◆ EXERCISE BRIEF
Exact repetition of the whole listing is what this exercise asks for.

******

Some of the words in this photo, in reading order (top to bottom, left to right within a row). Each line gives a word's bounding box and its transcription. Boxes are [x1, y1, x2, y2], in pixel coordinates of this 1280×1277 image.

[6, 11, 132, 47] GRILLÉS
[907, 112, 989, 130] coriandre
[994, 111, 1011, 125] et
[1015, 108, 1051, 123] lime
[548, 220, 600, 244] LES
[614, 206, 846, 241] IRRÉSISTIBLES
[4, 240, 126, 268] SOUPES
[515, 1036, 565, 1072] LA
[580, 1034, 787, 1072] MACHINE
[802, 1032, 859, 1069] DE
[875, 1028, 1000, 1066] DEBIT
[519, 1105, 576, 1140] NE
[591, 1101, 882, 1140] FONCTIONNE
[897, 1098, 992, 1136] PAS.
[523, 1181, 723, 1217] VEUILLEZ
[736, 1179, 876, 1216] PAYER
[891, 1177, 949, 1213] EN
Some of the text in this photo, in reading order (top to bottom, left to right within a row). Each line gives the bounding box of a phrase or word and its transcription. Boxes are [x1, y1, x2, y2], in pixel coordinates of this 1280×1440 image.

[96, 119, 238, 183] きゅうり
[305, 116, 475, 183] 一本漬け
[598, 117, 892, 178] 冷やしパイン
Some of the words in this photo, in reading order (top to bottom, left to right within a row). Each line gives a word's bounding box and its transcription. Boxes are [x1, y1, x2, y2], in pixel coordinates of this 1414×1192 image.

******

◆ RESPONSE BOX
Some of the words in this photo, in reading order (top to bottom, left to right within a row). Each line gives a word's bounding box and its transcription. Boxes are [x1, y1, x2, y2], in pixel coordinates of this 1280×1277 image.

[6, 11, 132, 47] GRILLÉS
[907, 112, 989, 130] coriandre
[994, 111, 1011, 125] et
[1015, 108, 1051, 123] lime
[548, 220, 600, 244] LES
[614, 206, 846, 241] IRRÉSISTIBLES
[4, 240, 126, 268] SOUPES
[515, 1036, 565, 1072] LA
[580, 1034, 787, 1072] MACHINE
[802, 1032, 859, 1069] DE
[875, 1028, 1000, 1066] DEBIT
[519, 1105, 576, 1140] NE
[591, 1101, 882, 1140] FONCTIONNE
[897, 1098, 992, 1136] PAS.
[523, 1181, 723, 1217] VEUILLEZ
[736, 1179, 876, 1216] PAYER
[891, 1177, 949, 1213] EN
Some of the text in this photo, in reading order (top to bottom, left to right within a row). Each line gives the bounding box of a phrase or word and its transcription. Boxes are [x1, y1, x2, y2], in pixel coordinates of this 1280×1440 image.

[96, 119, 238, 183] きゅうり
[305, 116, 475, 183] 一本漬け
[598, 117, 892, 178] 冷やしパイン
Some of the words in this photo, in reading order (top to bottom, left to right within a row). Each line gives a word's bounding box and its transcription. Boxes are [x1, y1, x2, y2], in pixel coordinates of this 1414×1192 image.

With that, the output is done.